Llamar ultraderechistas al presidente electo Edmundo González Urrutia y a María Corina Machado, es engañar, porque ellos presentaron un programa elaborado por toda la oposición que va desde el Partido Comunista a los neoliberales, pasando por los socialdemócratas y los socialcristianos. Los venezolanos saben que a su país no se lo saca del marasmo actual sin unión, ideas claras, solidaridad y un programa político consensuado.

Rodríguez Zapatero ha contribuido a que España haga la vista gorda en los temas espinosos relacionados con Venezuela. Cuando era presidente designó como embajador en Caracas a Raúl Morodo, quien fue denunciado por corrupción, blanqueo de capitales y evasión fiscal. Por todo ello, el exembajador y su hijo fueron condenados a penas de prisión. Además, Zapatero, es lobista por intereses personales y blanqueador oficial del régimen chavista.

Por otra parte, la influencia del expresidente sobre Pedro Sánchez es decisiva. Lleva su sello el caso Ábalos que recibió irregularmente —y todavía no se sabe muy bien para qué— a Delcy Rodríguez en Barajas; la extraña concesión del rescate a la aerolínea venezolana Plus Ultra, que hoy investigan los jueces; no reconocer la victoria electoral de Edmundo Rodríguez Urrutia; o no felicitar a María Corina Machado por su Premio Nobel de la Paz.

Hoy, nadie entiende la resistencia del chavismo sin la experiencia dictatorial y represiva de los cubanos. La relación con ellos incluye empresas ruinosas, el intercambio de recursos energéticos y la tecnología de la información, sobre todo para el control de los servicios de inteligencia militar. No obstante, habrá que escuchar al jefe de la inteligencia de Chávez, “El pollo Carvajal”, en sus declaraciones ante los jueces norteamericanos.

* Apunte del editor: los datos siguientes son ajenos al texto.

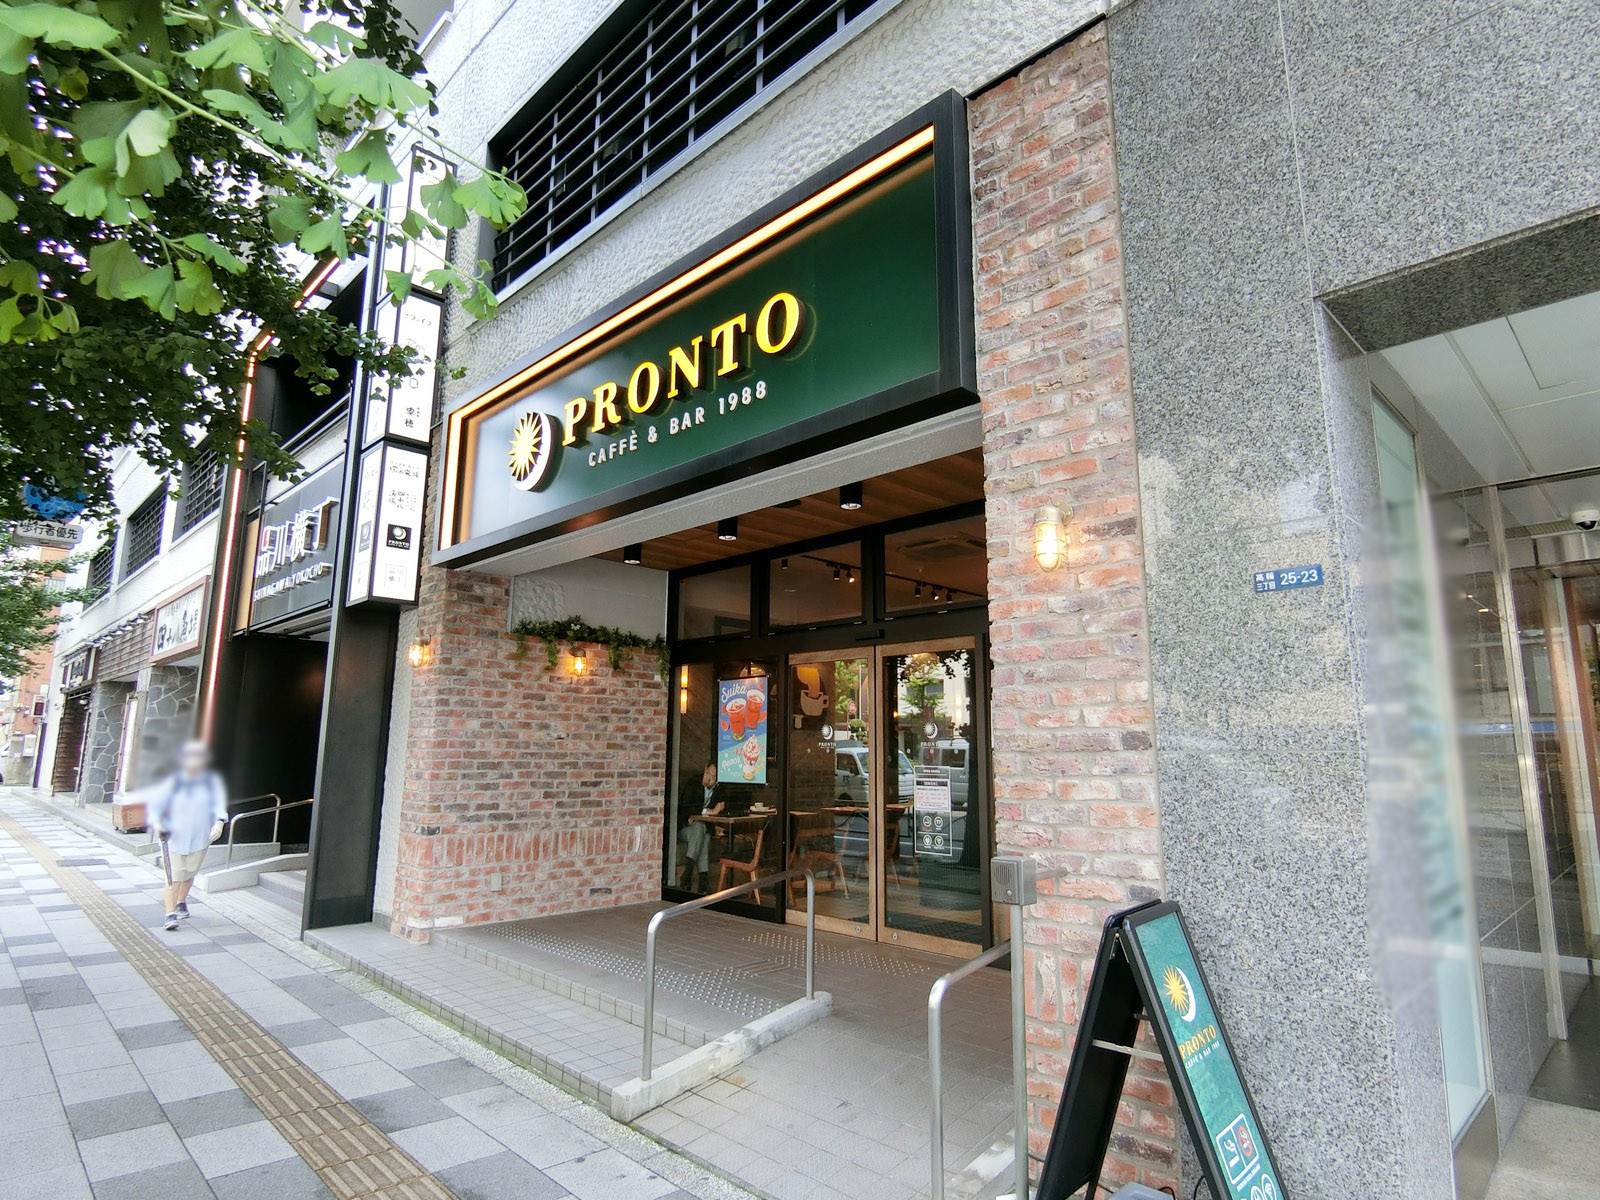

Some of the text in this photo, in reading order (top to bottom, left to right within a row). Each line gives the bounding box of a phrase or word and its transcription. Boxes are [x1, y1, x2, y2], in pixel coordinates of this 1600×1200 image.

[562, 292, 800, 446] PRONTO
[588, 381, 768, 467] CAFFÈ & BAR 1988
[22, 519, 78, 540] 歩行者優先
[292, 562, 324, 584] YOKOCHO
[1279, 569, 1319, 586] 25-23
[1256, 581, 1276, 591] 三丁目
[721, 682, 747, 703] Suika
[1178, 1024, 1217, 1060] PRONTO

La extracción de Maduro por parte de EE. UU., no parece ser suficiente para que se restituya un sistema democrático como clama la oposición al régimen chavista; ni para que se separe del poder a los líderes corruptos del chavismo, algunos de ellos crueles y sanguinarios represores de la población; ni para que se liberen a los mil presos políticos, entre los que hay unos veinte españoles, dos de ellos por la increíble imputación de supuesto espionaje.

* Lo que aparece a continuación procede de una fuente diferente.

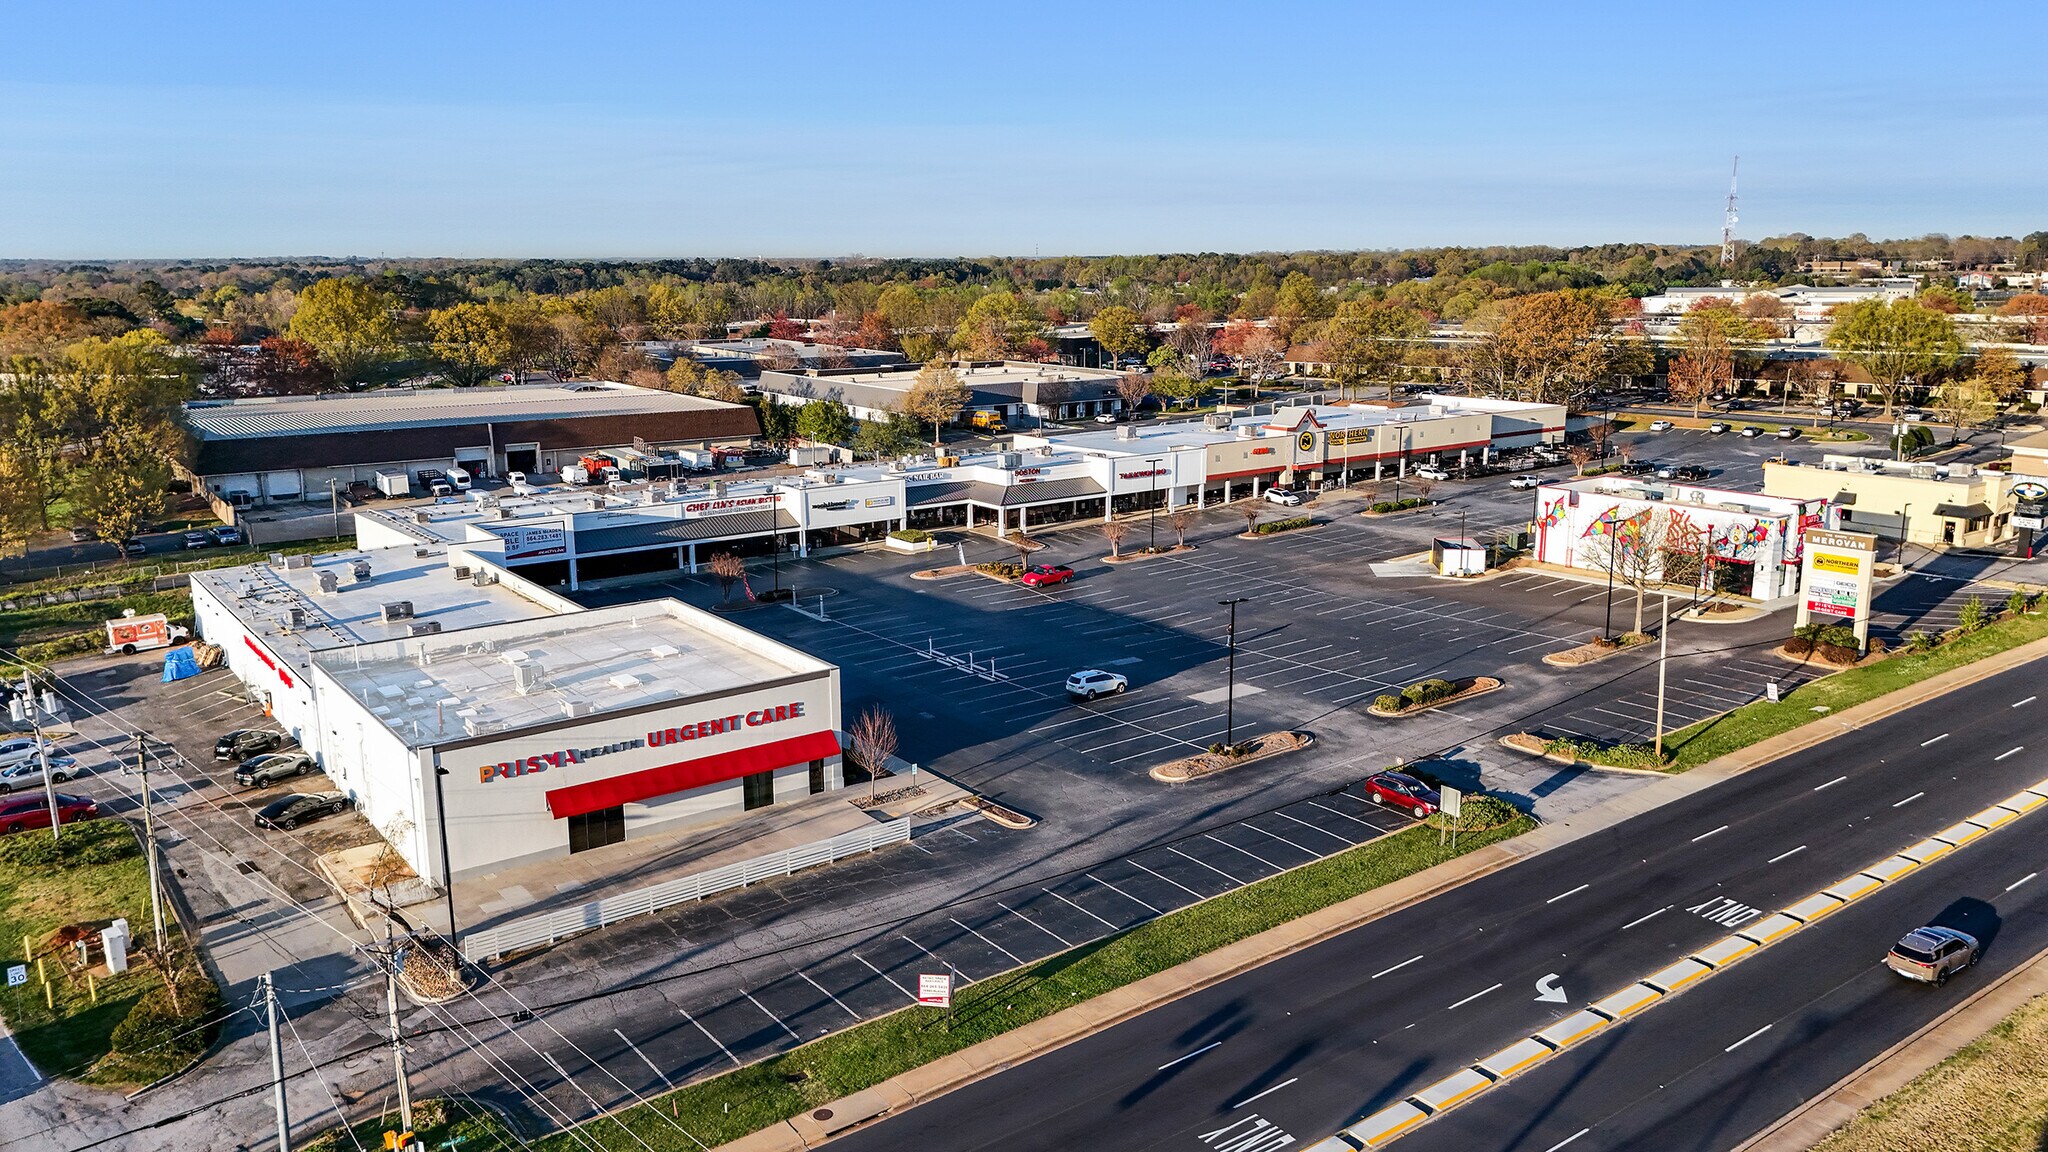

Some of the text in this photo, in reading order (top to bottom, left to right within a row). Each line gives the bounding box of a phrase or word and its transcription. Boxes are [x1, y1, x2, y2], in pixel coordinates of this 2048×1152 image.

[1014, 468, 1040, 476] BOSTON
[686, 501, 710, 512] CHEF
[1812, 536, 1865, 549] MEROVAN
[1826, 558, 1859, 568] NORTHERN
[647, 714, 742, 748] URGENT
[745, 702, 802, 727] CARE
[1685, 895, 1762, 928] ONLY
[11, 974, 24, 983] 30

Gobernar con el mando a distancia desde Norteamérica, manteniendo en el poder a chavistas incondicionales, como a Delcy Rodríguez o a Diosdado Cabello, no parece la mejor forma de gestionar un país que necesita acometer reformas estructurales profundas y en casi todos los ámbitos, para recuperar la paz, la democracia y la dignidad que merece el pueblo venezolano.